Par une requête enregistrée le 10 avril 2020, M. F..., représenté par
Me G..., demande à la cour :
1°) d'annuler ce jugement du tribunal administratif de Toulouse du 21 novembre 2019 ;
2°) d'annuler l'arrêté attaqué du préfet de la Haute-Garonne du 18 avril 2019 ;
3°) d'enjoindre au préfet de la Haute-Garonne de lui délivrer le titre de séjour sollicité, dans un délai d'un mois suivant la notification de la décision à intervenir, sous astreinte de
100 euros par jour de retard ou à défaut, de réexaminer sa situation ;
4°) de mettre à la charge de l'État les entiers dépens au procès ainsi que la somme de
2 000 euros en application des dispositions combinées de l'article 37 alinéa 2 de la loi du
10 juillet 1991 sur l'aide juridique et de l'article L. 761-1 du code de justice administrative.
Il soutient que :
- les décisions portant refus de séjour et obligation de quitter le territoire sont insuffisamment motivées, ce qui révèle un défaut d'examen réel et sérieux de sa situation personnelle ;
- la décision portant refus de séjour méconnait les dispositions du 11° de l'article
L 313-11 du code de l'entrée et du séjour des étrangers et du droit d'asile et est entachée d'une erreur d'appréciation des conséquences qu'elle emporte sur sa situation personnelle ; son état nécessite une prise en charge dont le défaut pourrait entrainer des conséquences d'une exceptionnelle gravité et il démontre que les soins nécessités par son état de santé sont indisponibles dans son pays d'origine ; le Levidopa/Carbidopa est actuellement sujet à une rupture de stock au niveau mondial et le préfet de la Haute-Garonne n'établit pas qu'il pourrait avoir accès en Arménie à un traitement de substitution adéquat ; de plus, il produit la liste actualisée en juin 2019, sur laquelle ne figure pas le Pramipexole ; il ressort du certificat médical en date du 31 décembre 2019, que le traitement qu'il suit en France ne peut pas être réalisé en Arménie ; s'agissant de la prise en charge du syndrome anxio-dépressif et du stress
post-traumatique, le suivi psychologique réalisé aujourd'hui ne peut être substitué ;
- la décision portant obligation de quitter le territoire est illégale en raison de l'illégalité de la décision portant refus de titre de séjour dont elle procède ;
- elle méconnaît les dispositions du 10° de l'article L. 511-4 du code de l'entrée et du séjour des étrangers et du droit d'asile compte tenu de son état de santé ;
- la décision fixant le pays de renvoi est illégale en raison de l'illégalité de la décision refusant de lui délivrer un titre de séjour et de celle lui faisant obligation de quitter le territoire ;
- elle méconnaît les stipulations de l'article 3 de la convention européenne de sauvegarde des droits de l'homme et des libertés fondamentales et les dispositions de l'article
L. 513-2 du code de l'entrée et du séjour des étrangers et du droit d'asile ;
- elle est entachée d'une erreur manifeste d'appréciation de sa situation et des conséquences d'une exceptionnelle gravité qu'elle emporte sur sa situation.

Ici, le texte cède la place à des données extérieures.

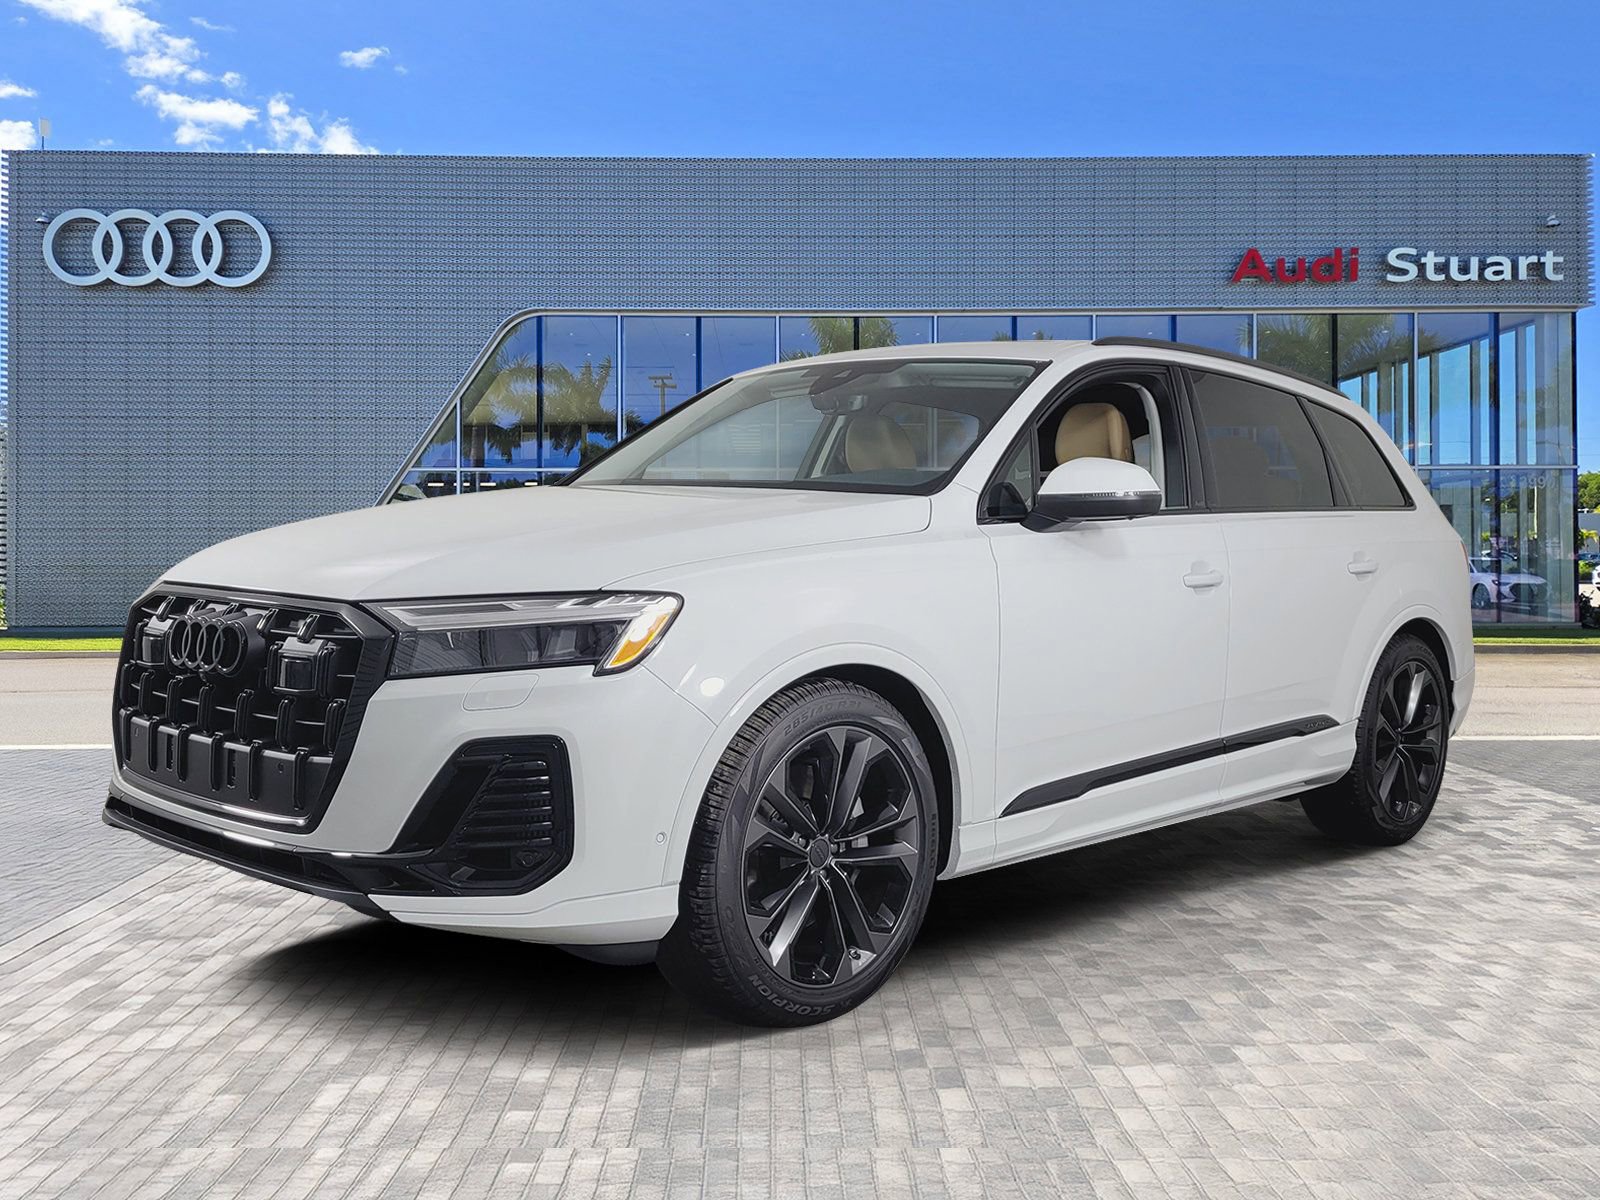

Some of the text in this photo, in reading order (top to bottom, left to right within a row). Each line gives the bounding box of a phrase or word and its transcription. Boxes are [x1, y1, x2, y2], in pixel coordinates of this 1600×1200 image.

Par un mémoire en défense, enregistré le 21 août 2020, le préfet de la Haute-Garonne conclut au rejet de la requête.
Il fait valoir qu'aucun des moyens soulevés par M. F... n'est fondé.
M. F... a été admis au bénéfice de l'aide juridictionnelle totale par une décision du bureau d'aide juridictionnelle près le tribunal de grande instance de Bordeaux du
23 avril 2020.
Vu les autres pièces du dossier.
Vu :
- la convention européenne de sauvegarde des droits de l'homme et des libertés fondamentales ;
- le code de l'entrée et du séjour des étrangers et du droit d'asile ;
- le code des relations entre le public et l'administration ;
- la loi n° 91-647 du 10 juillet 1991 modifiée relative à l'aide juridique ;
- le code de justice administrative.
Le président de la formation de jugement a dispensé le rapporteur public, sur sa proposition, de prononcer des conclusions à l'audience.

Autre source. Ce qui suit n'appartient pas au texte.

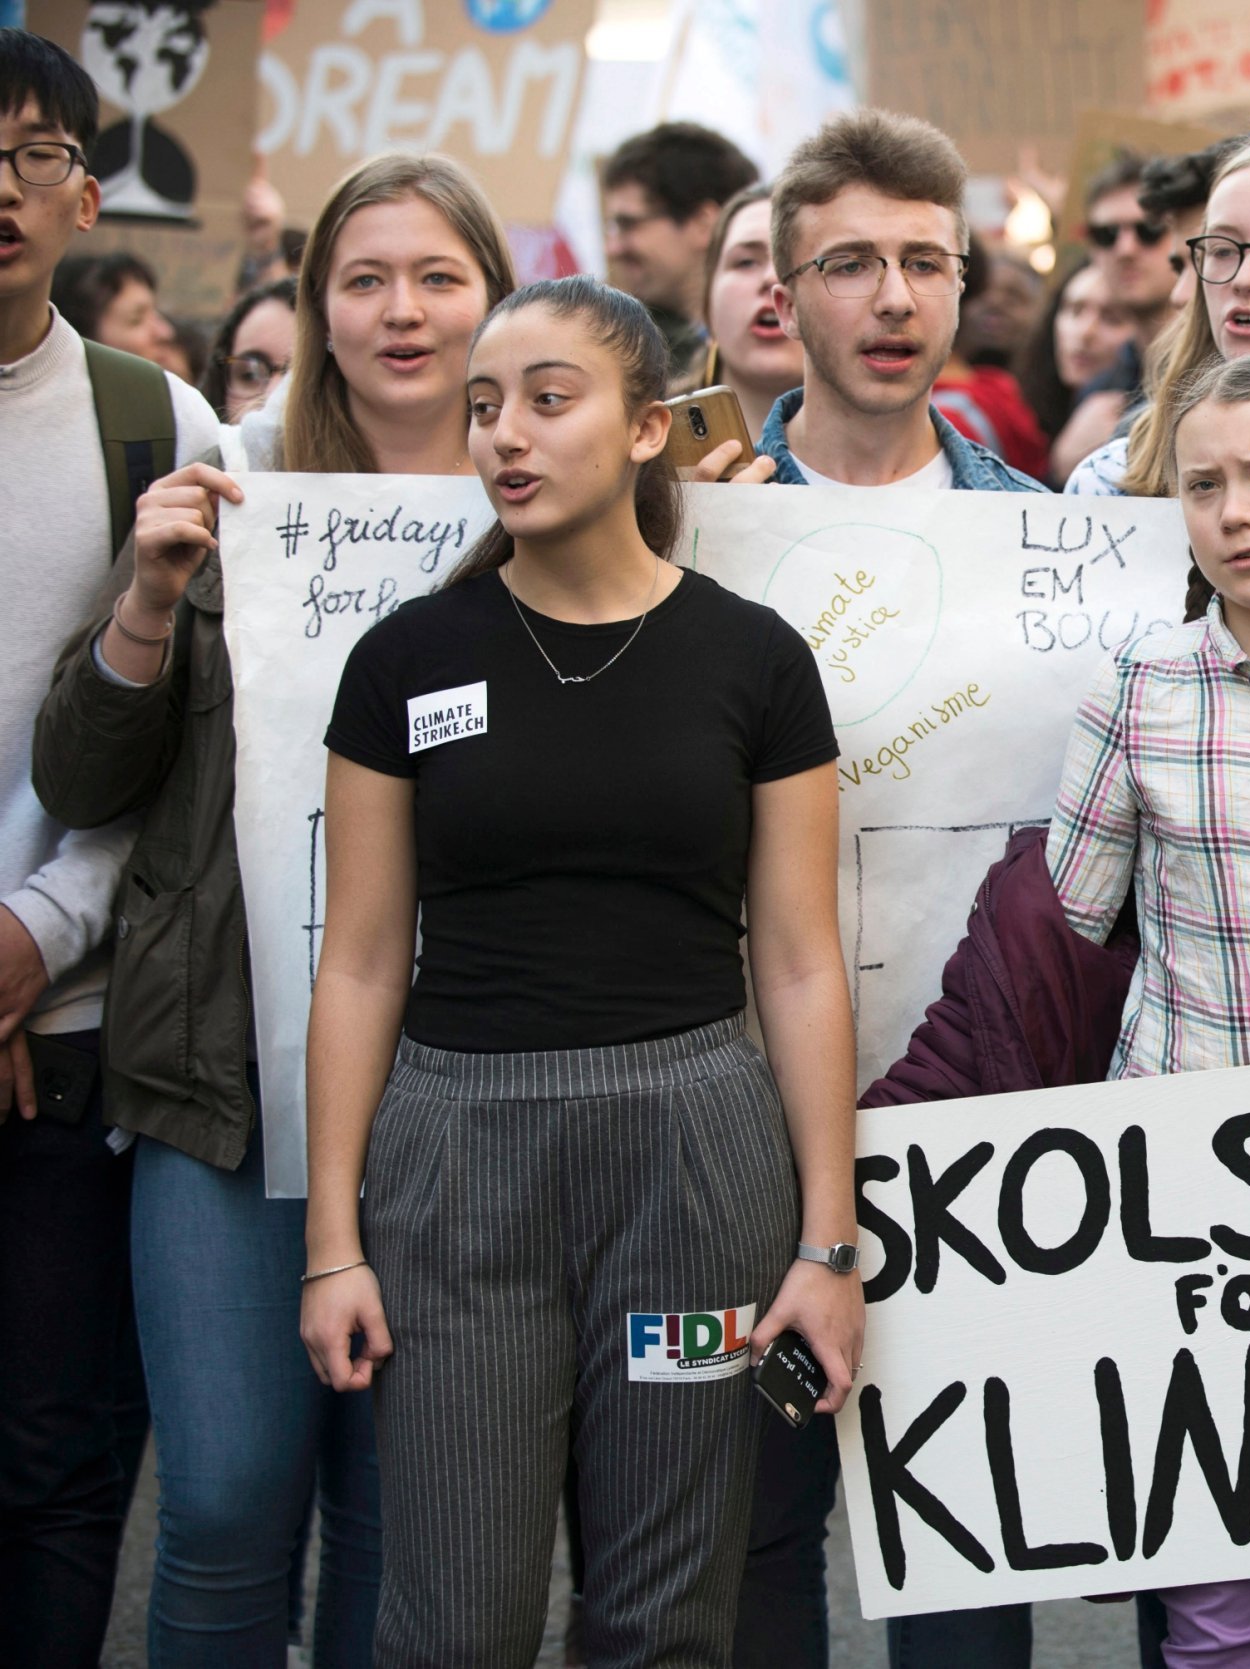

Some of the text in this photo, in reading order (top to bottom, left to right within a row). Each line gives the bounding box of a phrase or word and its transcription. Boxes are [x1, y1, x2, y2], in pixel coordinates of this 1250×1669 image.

Les parties ont été régulièrement averties du jour de l'audience.
Le rapport de Mme C... E... a été entendu au cours de l'audience publique.
Considérant ce qui suit :
1. M. F..., ressortissant arménien, est entré en France le 14 octobre 2016, selon ses déclarations. Il a présenté, le 2 décembre 2016, une demande d'admission au séjour au titre de l'asile, rejetée le 28 septembre 2017 par l'Office français de protection des réfugiés et apatrides (OFPRA) puis, le 29 janvier 2018, par la Cour nationale du droit d'asile (CNDA).

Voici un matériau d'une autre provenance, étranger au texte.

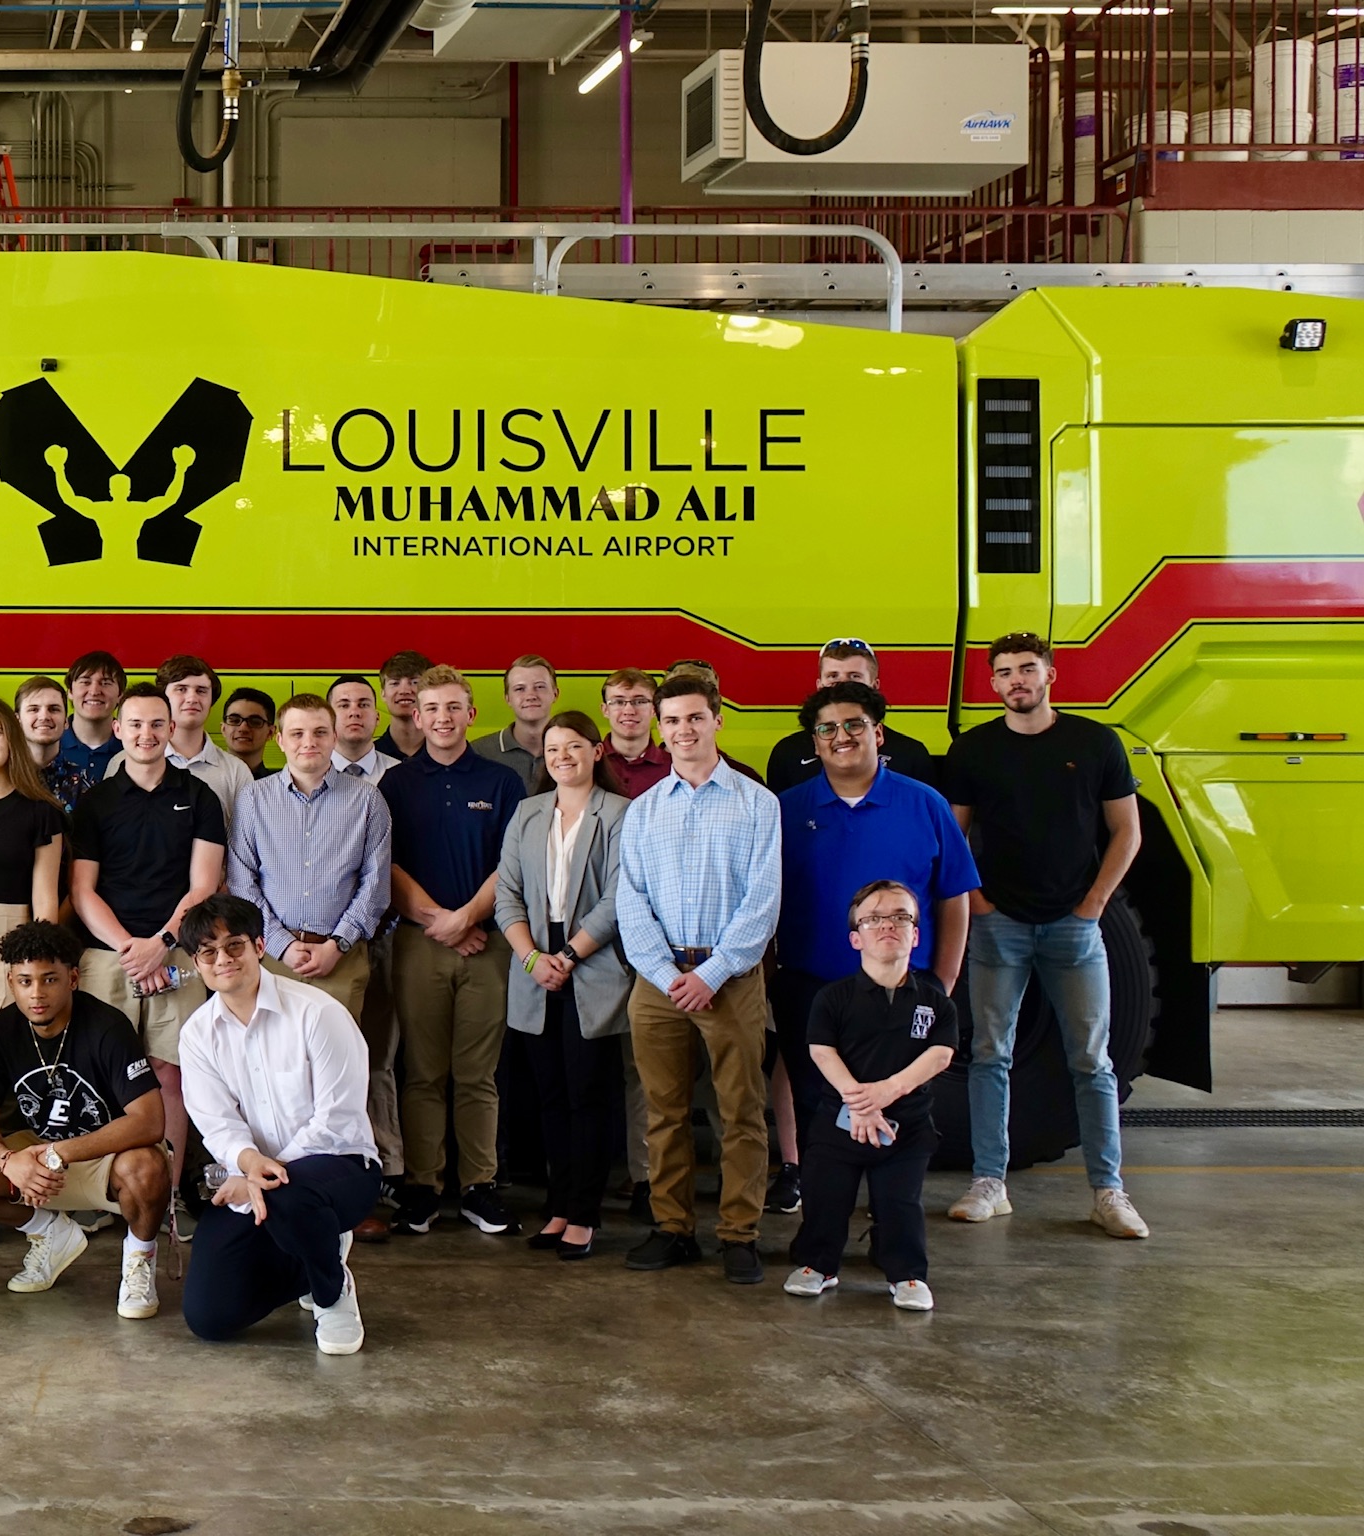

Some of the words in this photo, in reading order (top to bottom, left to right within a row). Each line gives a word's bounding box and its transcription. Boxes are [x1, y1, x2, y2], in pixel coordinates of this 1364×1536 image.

[282, 408, 806, 473] LOUISVILLE
[334, 485, 660, 522] MUHAMMAD
[675, 485, 755, 522] ALI
[354, 536, 593, 557] INTERNATIONAL
[602, 536, 734, 557] AIRPORT

M. F... a sollicité, le 18 avril 2018, son admission au séjour en qualité d'étranger malade. Il relève appel du jugement du 21 novembre 2019 du tribunal administratif de Toulouse qui a rejeté sa demande tendant à l'annulation de l'arrêté du 18 avril 2019 par lequel le préfet de la Haute-Garonne a refusé de faire droit à sa demande et lui a fait obligation de quitter le territoire dans le délai de trente jours en fixant le pays de destination.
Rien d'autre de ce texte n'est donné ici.